Hierarchical Clustering
Agglomerative Hierarchical Clustering
Agglomerative Hierarchical Clustering is a bottom up approach wherein observations are their own cluster and then merged into larger and larger clusters until their is one root cluster:
This "hierarchical" view of these clusters is called a dendrogram. Here we will discuss Ward's Method for merging these clusters as it is one of the most popular:
\[D_{12} = \frac{||\overline{x_1} - \overline{x_2}||^2}{\frac{1}{N_1}+\frac{1}{N_2}}\]
Explanation of Terms
- \(D_{12}\) distance between clusters 1 and 2
- \(N_1\) number of points in cluster 1
- \(N_2\) number of points in cluster 2
- \(\overline{x_1}\) mean of cluster 1
- \(\overline{x_2}\) mean of cluster 2
Pre-Processing
Before we apply k-means we will need to create our distance matrix:
# load the libraries
.libPaths(c("/cluster/tufts/hpc/tools/R/4.0.0"))
library(tidyverse)
library(factoextra)
# load our counts data
counts <- read.csv(
file="data/gbm_cptac_2021/data_mrna_seq_fpkm.txt",
header = T,
sep = "\t")
# make the genes our rownames
rownames(counts) <- make.names(counts$Hugo_Symbol,unique = TRUE)

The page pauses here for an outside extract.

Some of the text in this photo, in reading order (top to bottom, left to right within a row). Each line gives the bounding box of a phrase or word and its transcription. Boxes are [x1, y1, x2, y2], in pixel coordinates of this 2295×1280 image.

# remove the gene symbol column
counts <- counts %>%
select(-c(Hugo_Symbol))
# log2 transform our data
# transpose our data so that our patients are rows
counts <- t(log2(counts + 1))
# Change NA counts to 0
counts[!is.finite(counts)] <- 0
# generate correlation distance matrix
dist <- get_dist(counts,method = "pearson")

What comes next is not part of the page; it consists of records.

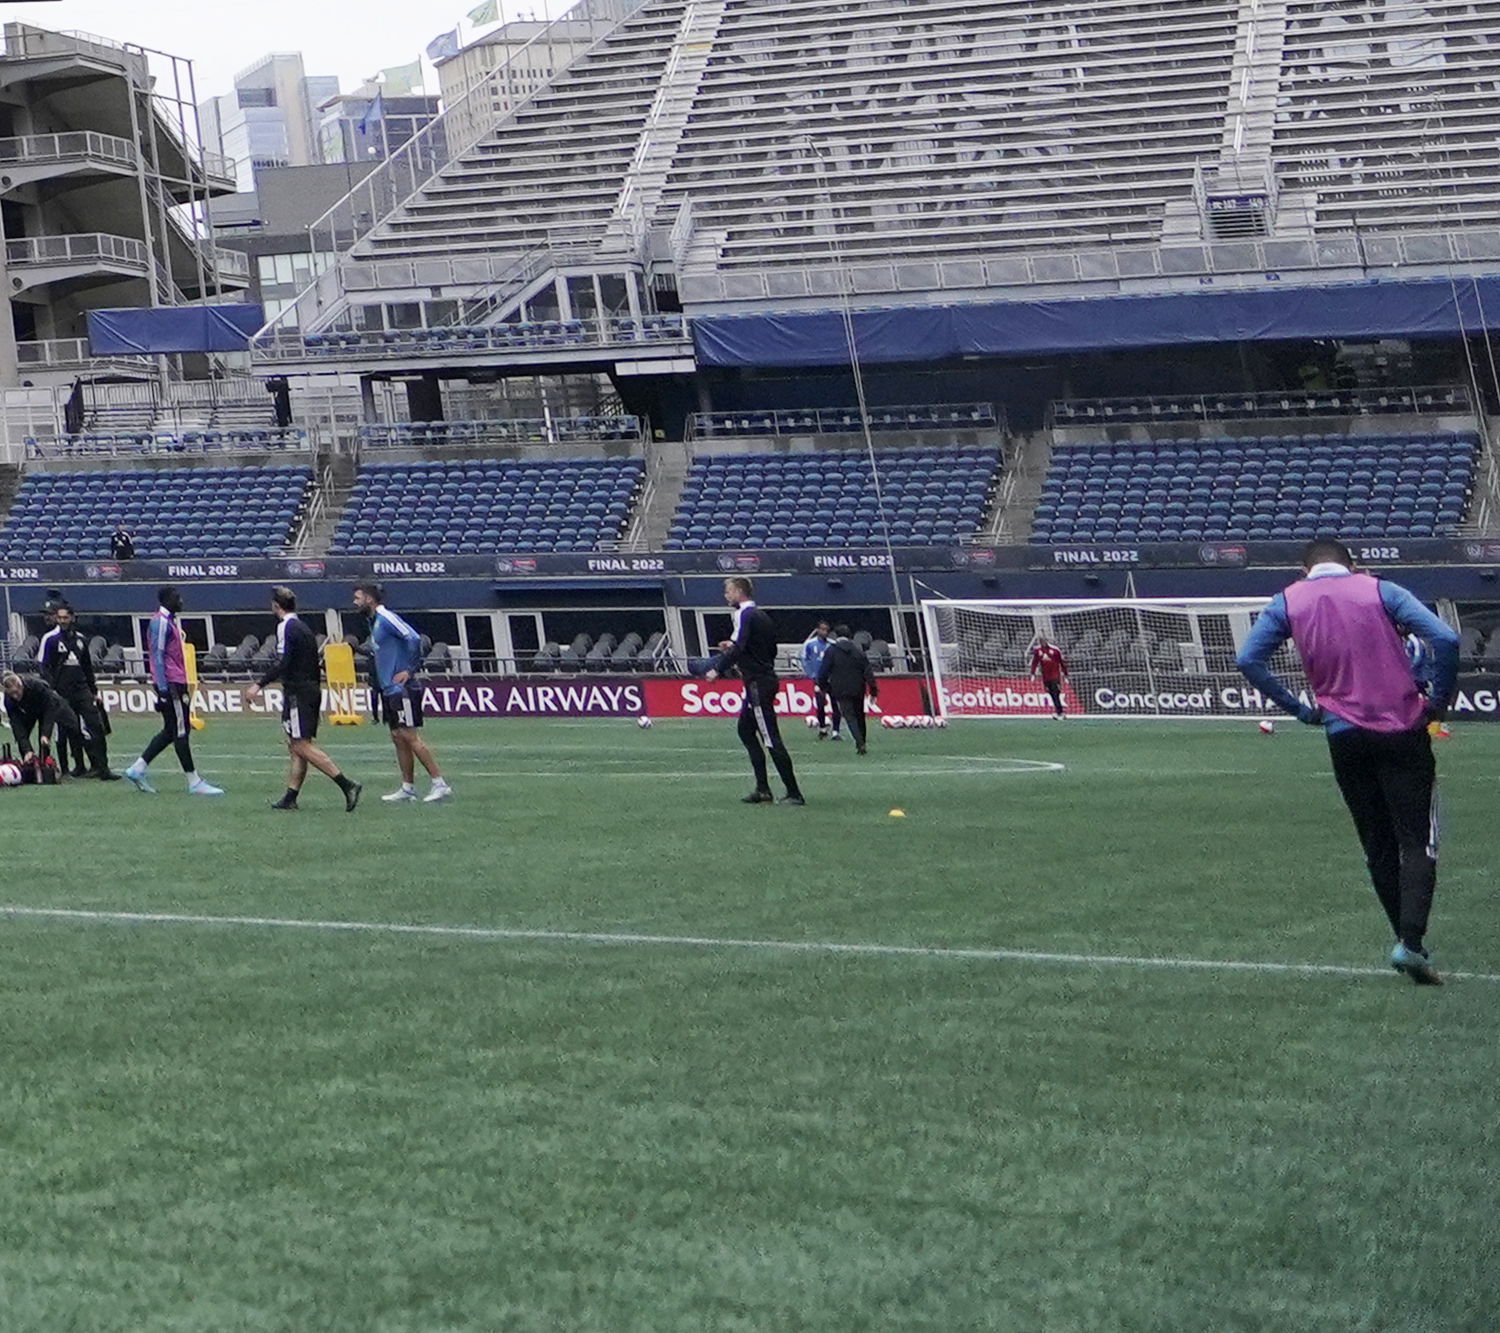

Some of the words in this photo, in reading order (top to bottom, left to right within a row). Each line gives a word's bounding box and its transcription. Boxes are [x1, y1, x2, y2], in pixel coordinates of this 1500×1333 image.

[1053, 551, 1096, 563] FINAL
[1098, 550, 1140, 562] 2022
[1359, 547, 1400, 559] 2022
[587, 559, 628, 571] FINAL
[630, 558, 665, 570] 2022
[813, 555, 854, 567] FINAL
[857, 554, 894, 566] 2022
[10, 568, 39, 579] 2022
[167, 565, 205, 576] FINAL
[207, 564, 238, 576] 2022
[372, 562, 412, 574] FINAL
[414, 561, 446, 573] 2022
[190, 689, 243, 713] ARE
[421, 686, 499, 712] ATAR
[506, 685, 643, 712] AIRWAYS
[1094, 687, 1214, 709] Concacaf

# plot correlation distance matrix
fviz_dist(dist) +
theme(axis.text = element_text(size = 3)) +
labs(
title = "Pearson Correlation Distances Between Samples",
fill = "Pearson Correlation"
)
Clustering with Ward's method
Let's apply this in R!
# apply ward's clustering
hc <- hclust(d = dist, method = "ward.D2")
# visualizing the dendrogram
# and color by k number of clusters
fviz_dend(hc,
k = 4,
k_colors = c("#1B9E77", "#D95F02", "#7570B3", "#E7298A"))
Info
- here we see each sample starts as its own cluster and is gradually merged into larger clusters
- we choose to visualize 4 clusters by this is really up to your discretion
Hierarchical Clustering Shortcomings
Hierarchical clustering does come with a few issues:
Hierarchical Clustering Shortcomings
- Hierarchical clustering is computationally expensive and is much slower than the k-means algorithm
- While this method is less sensitive to the shape of the data, given it starts generating clusters from individual data points; The dendrogram can be difficult to interpret and where to draw the line with cluster membership is not necessarily defined.